→ **TRY IT**: Give the lines below again, exactly as they stand, and leave out the images.

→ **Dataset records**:

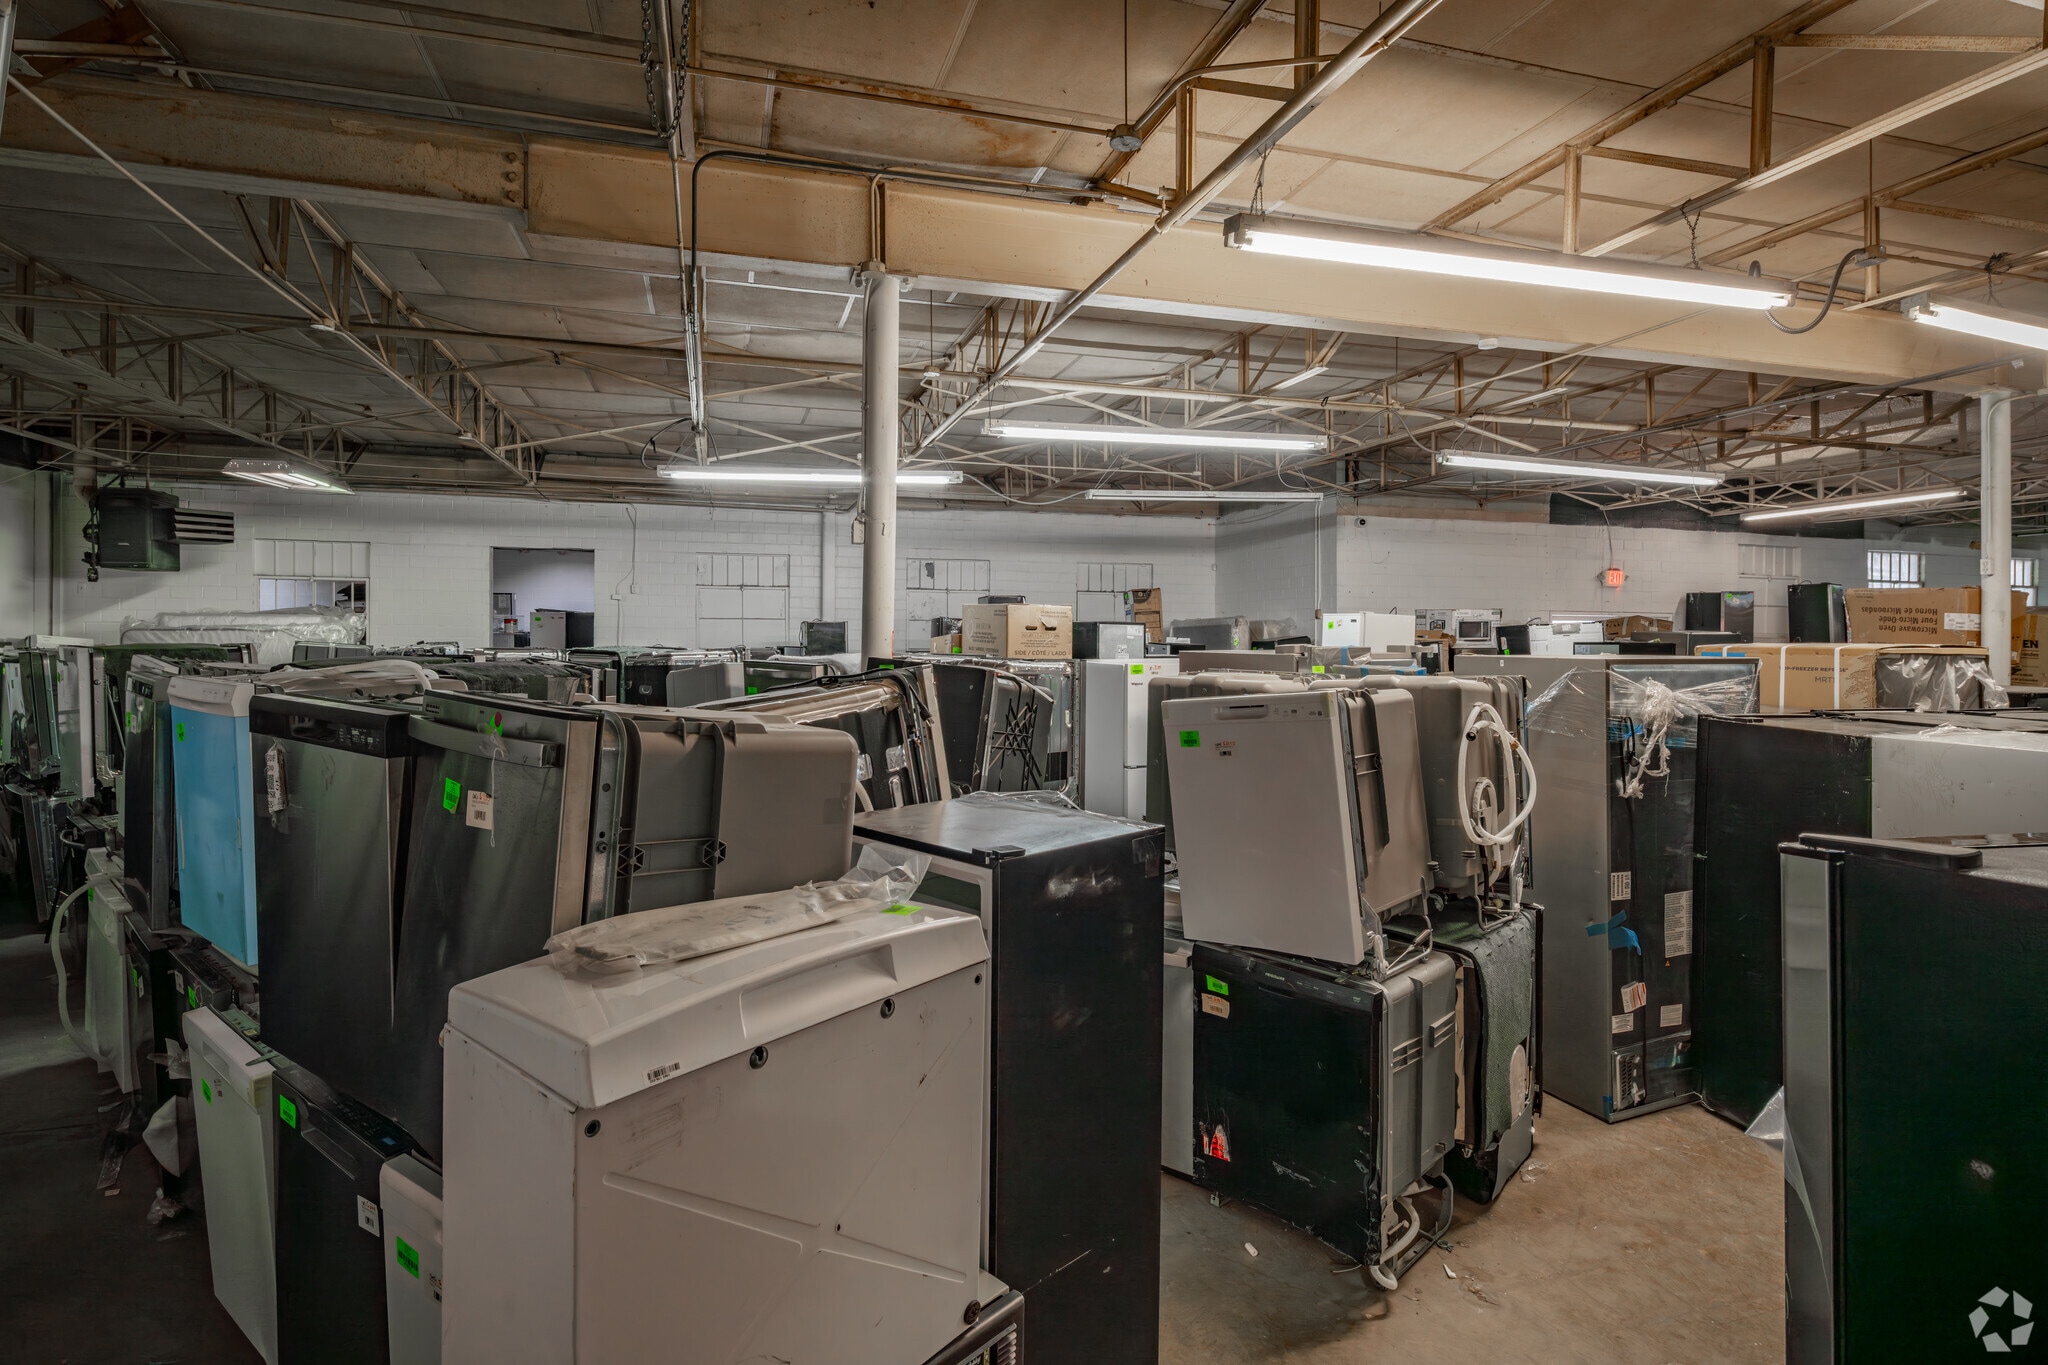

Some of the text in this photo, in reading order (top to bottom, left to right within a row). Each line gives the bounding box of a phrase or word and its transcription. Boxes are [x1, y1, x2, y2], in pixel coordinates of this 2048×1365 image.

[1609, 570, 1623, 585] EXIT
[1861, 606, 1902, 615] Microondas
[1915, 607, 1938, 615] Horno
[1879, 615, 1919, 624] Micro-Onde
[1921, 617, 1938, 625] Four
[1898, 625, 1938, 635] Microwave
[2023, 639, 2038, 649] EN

→ **RESPONSE**:
Some of the text in this photo, in reading order (top to bottom, left to right within a row). Each line gives the bounding box of a phrase or word and its transcription. Boxes are [x1, y1, x2, y2], in pixel coordinates of this 2048×1365 image.

[1609, 570, 1623, 585] EXIT
[1861, 606, 1902, 615] Microondas
[1915, 607, 1938, 615] Horno
[1879, 615, 1919, 624] Micro-Onde
[1921, 617, 1938, 625] Four
[1898, 625, 1938, 635] Microwave
[2023, 639, 2038, 649] EN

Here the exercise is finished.